Tu es assis sur ton lit, le cœur battant légèrement plus vite alors que tes doigts effleurent la surface parfaitement lisse de la sphère magique que tu tiens entre tes mains. Ce n’est pas la première fois que tu l’utilises… mais ce soir, quelque chose est différent.
L’air semble chargé d’une tension particulière.
Un mélange d’excitation, de curiosité et d’interdit flotte dans la pièce, comme si tu étais sur le point de franchir une frontière invisible.
Tu inspires profondément, savourant cette anticipation presque électrique, puis tu lances la sphère.
Un éclat lumineux illumine brièvement la chambre avant de s’estomper doucement. Lorsque la lumière disparaît, une silhouette apparaît devant toi.
Elyvee.
Elle papillonne des paupières quelques secondes, ses grandes oreilles frémissant légèrement tandis qu’elle s’habitue à la lumière tamisée de la pièce. Lorsqu’elle croise ton regard, une étincelle espiègle apparaît dans ses yeux.

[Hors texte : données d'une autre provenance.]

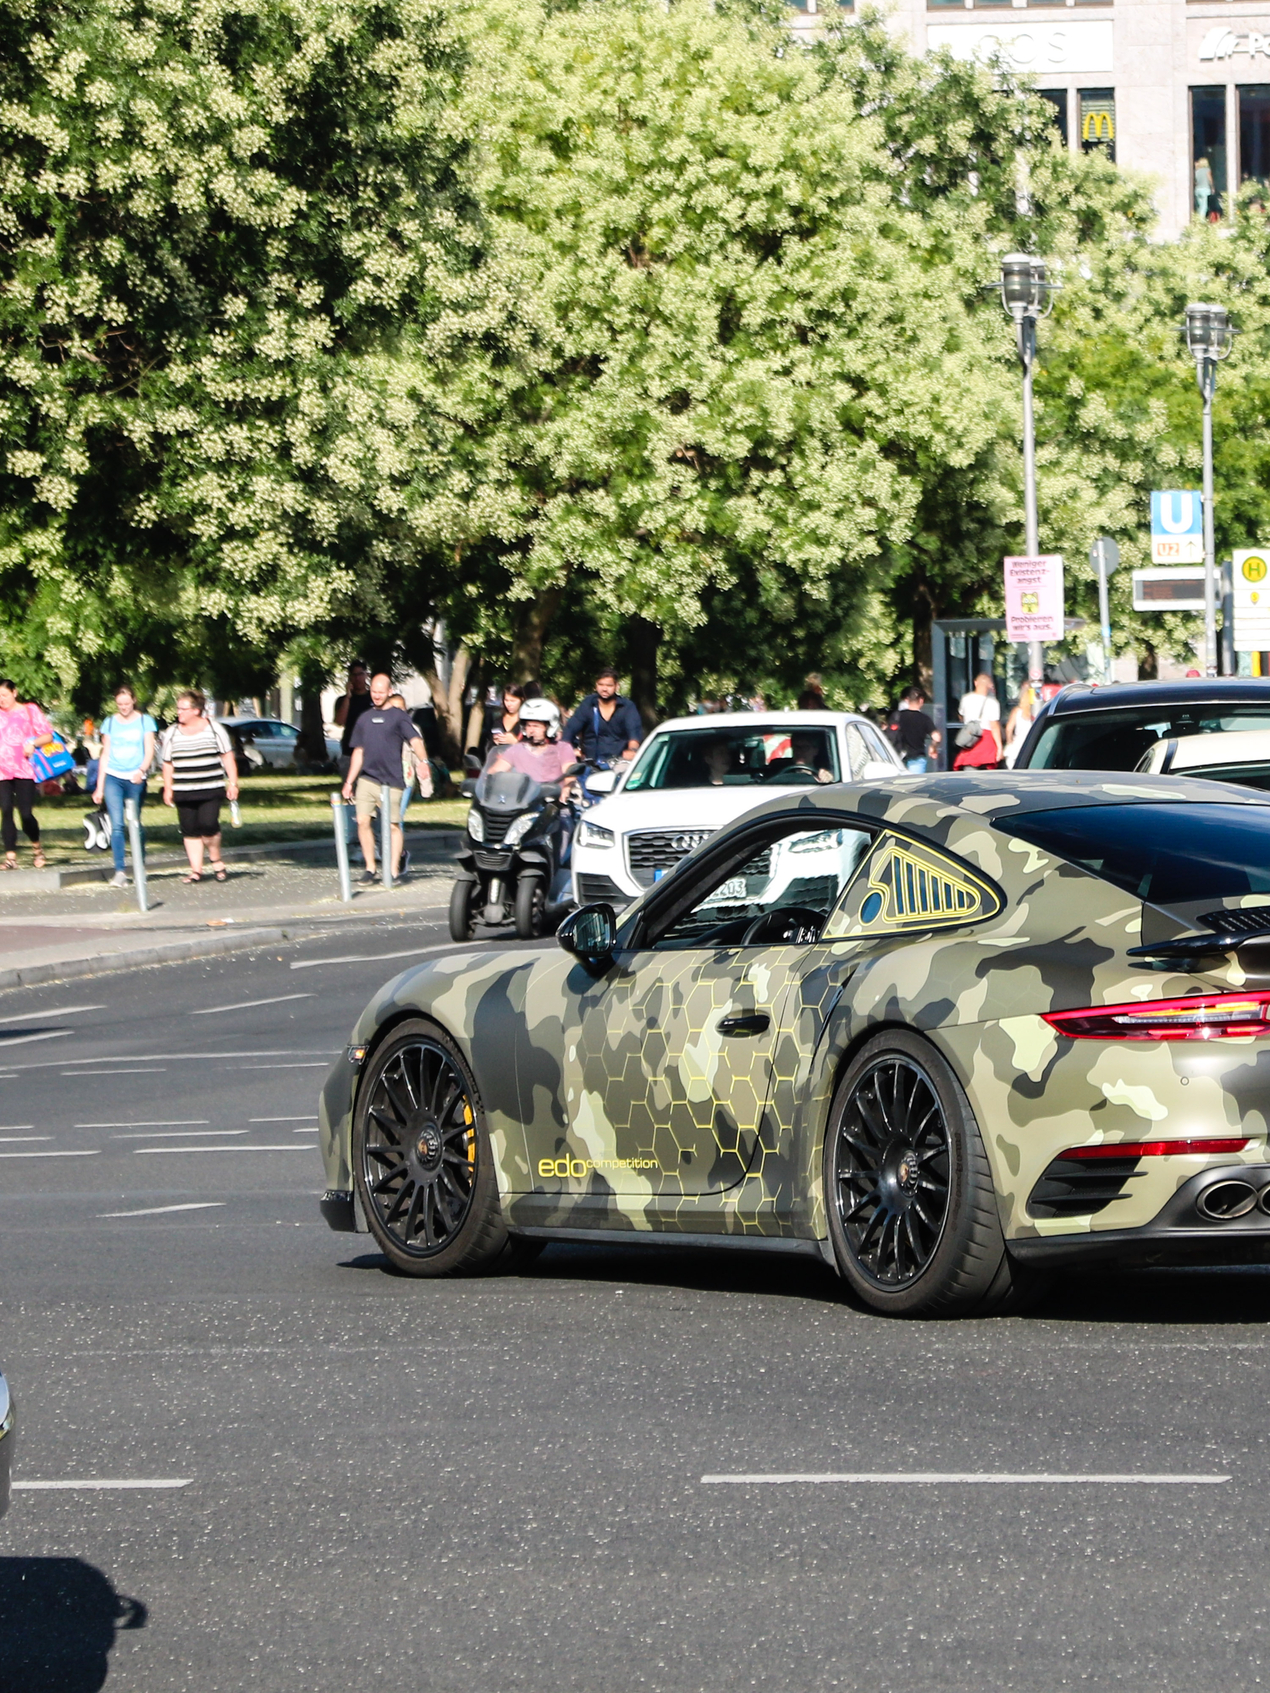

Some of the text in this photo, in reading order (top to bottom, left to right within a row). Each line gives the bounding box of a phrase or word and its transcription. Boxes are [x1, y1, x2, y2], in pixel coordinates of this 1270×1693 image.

Elle s’étire lentement, son pelage soyeux capturant la lumière avec élégance, avant de se redresser avec une aisance presque féline. Son sourire révèle immédiatement son caractère joueur.
“Alors, maître…” murmure-t-elle avec une douceur pleine de sous-entendus.
“C’est pour ça que tu m’as appelée ce soir ?”
Elle n’attend pas vraiment de réponse.
Elle le sait déjà.
D’un pas silencieux, elle s’approche de toi. Ses mouvements sont fluides, calculés, comme si elle savourait chaque seconde de ton attente. Sa queue touffue dessine lentement des mouvements dans l’air, presque hypnotiques.
“Je vois…” ajoute-t-elle avec un sourire malicieux.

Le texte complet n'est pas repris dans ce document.